Exercise directions: Without reproducing any picture, copy the records word for word.

Exercise materials:
····················
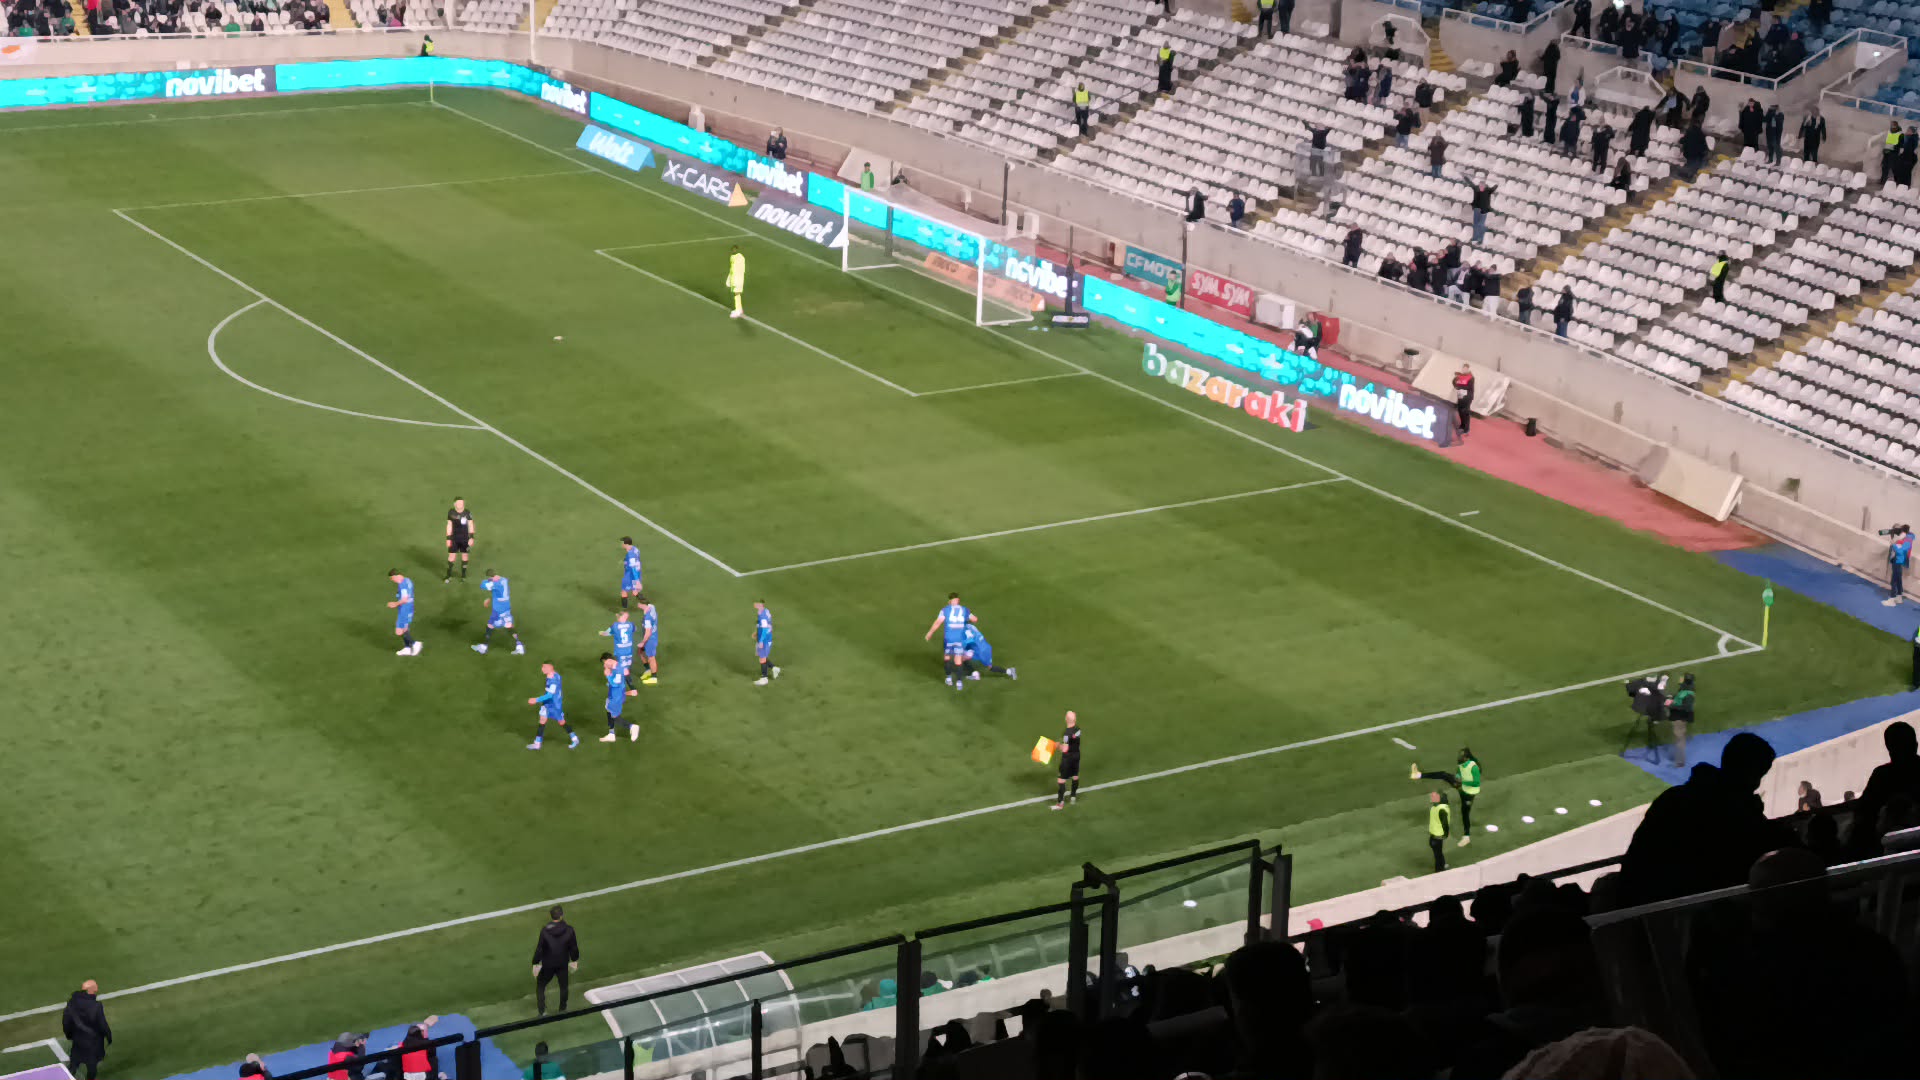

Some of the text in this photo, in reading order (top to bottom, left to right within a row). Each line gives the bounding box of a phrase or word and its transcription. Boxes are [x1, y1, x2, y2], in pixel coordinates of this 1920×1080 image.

[165, 68, 266, 97] novibet
[663, 159, 732, 201] X-CARS
[746, 158, 804, 197] novibet
[753, 203, 834, 244] novibet
[1192, 272, 1251, 308] SYM SYM
[1142, 343, 1307, 432] bazaraki
[1338, 383, 1438, 440] novibet
····················
Answer for the task:
Some of the text in this photo, in reading order (top to bottom, left to right within a row). Each line gives the bounding box of a phrase or word and its transcription. Boxes are [x1, y1, x2, y2], in pixel coordinates of this 1920×1080 image.

[165, 68, 266, 97] novibet
[663, 159, 732, 201] X-CARS
[746, 158, 804, 197] novibet
[753, 203, 834, 244] novibet
[1192, 272, 1251, 308] SYM SYM
[1142, 343, 1307, 432] bazaraki
[1338, 383, 1438, 440] novibet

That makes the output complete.